While the US Federal Reserve is no longer seen as likely to raise its key interest rates in June, markets have been left uncertain over the exact timing of a hike.
A pick up in inflation would support raising rates, which would support the dollar.
"USD edges higher on higher than expected core CPI ," said City Index analyst Ashraf Laidi.
Meanwhile Wall Street stocks opened mostly lower on Friday as traders awaited a speech by Federal Reserve Chair Janet Yellen on the US economic outlook.
Five minutes into trading the Dow Jones Industrial Average had slid 0.15 percent to 18,258.84 points.

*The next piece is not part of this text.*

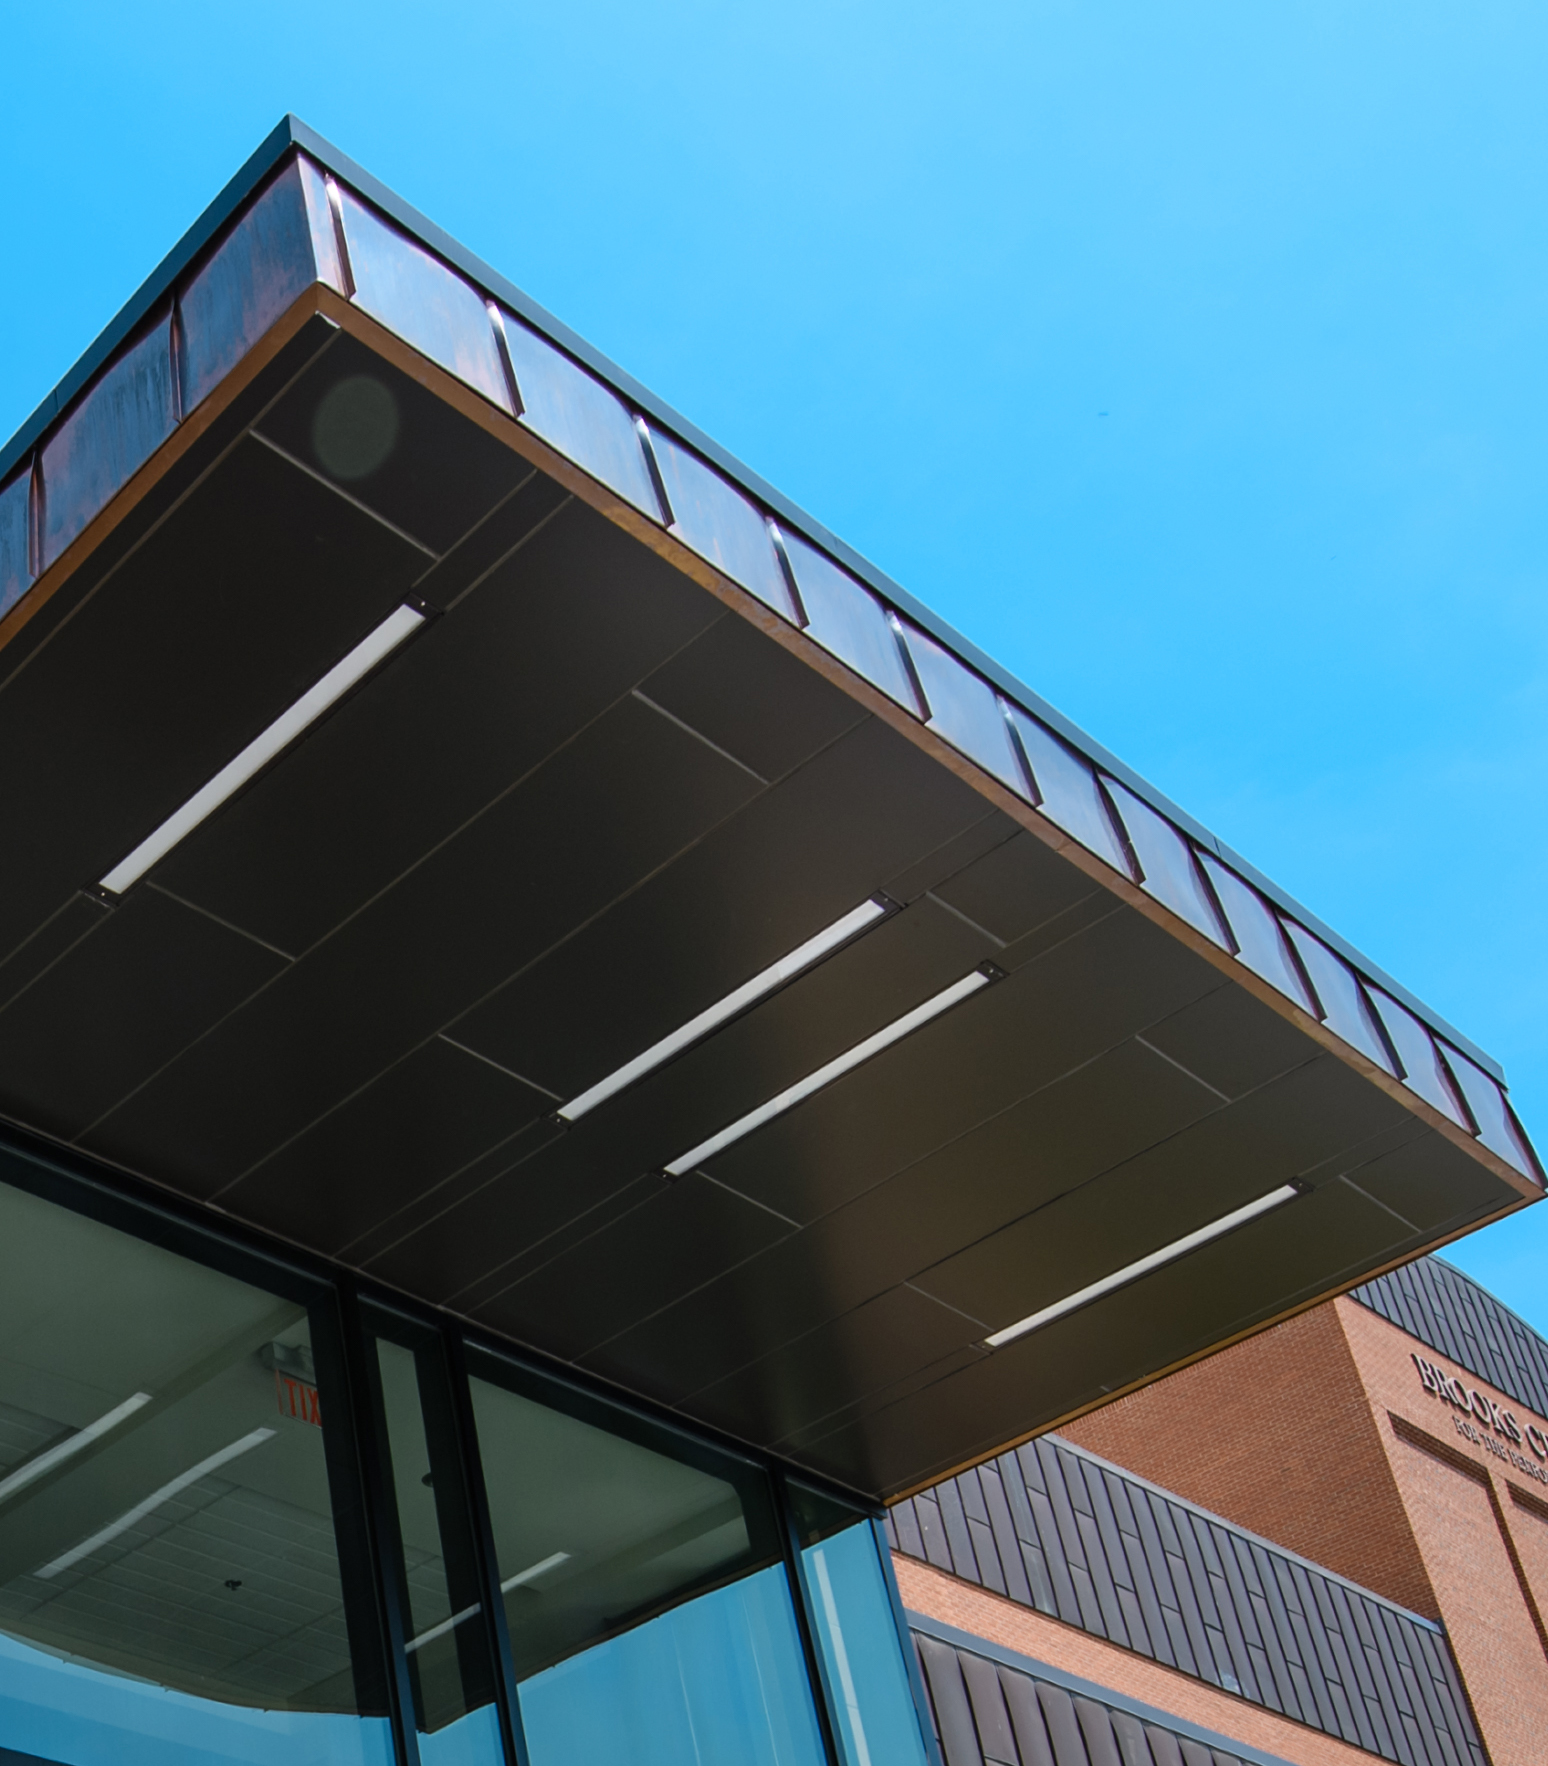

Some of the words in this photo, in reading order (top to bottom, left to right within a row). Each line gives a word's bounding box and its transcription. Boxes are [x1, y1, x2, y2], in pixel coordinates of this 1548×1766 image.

[1410, 1353, 1522, 1445] BROOKS
[1452, 1415, 1481, 1446] FOR
[1479, 1433, 1508, 1462] THE

The broad-based S&P 500 retreated from Thursday's record, falling 0.18 percent to 2,127.08, while the tech-rich Nasdaq Composite Index added 0.01 percent at 4,529.82.
Investors are hoping that Yellen's speech will deliver insights into when the central bank will raise near-zero interest rates, now generally expected in September at the earliest.
- Merkel downbeat, Greece confident -
While an EU summit in Riga was focused on developing the European Union's relationship with the former Soviet states of Armenia, Azerbaijan, Belarus, Georgia, Moldova and Ukraine, the Greece crisis nevertheless remained in the spotlight.
German Chancellor Angela Merkel dampened hopes for an end to marathon talks with Greece on a new loan deal as cash-strapped Athens said an agreement was possible by the end of the month.
And Prime Minister David Cameron used the summit to launch his bid to recast Britain's relationship with the EU, warning of "ups and downs" before a straight in-or-out referendum on EU membership by the end of 2017.
The German economy, Europe's biggest, meanwhile appears to have reached cruising altitude as business confidence maintained its current high level in May, the Ifo economic institute said Friday.
Ifo's closely watched business climate index eased slightly to 108.5 points this month from 108.6 points in April, the think tank said in a statement.
It was the first time since September that the index has fallen, but analysts had been expecting a slightly bigger drop.
In Asia, Chinese shares were the stand-out performers on hopes that Beijing will announce fresh monetary easing measures after more disappointing economic indicators.
Tokyo reversed a morning sell-off to end 0.30 percent higher to 20,264.41 -- its best finish since April 2000, while Shanghai surged 2.83 percent, Hong Kong added 1.70 percent, and Seoul closed up 1.10 percent.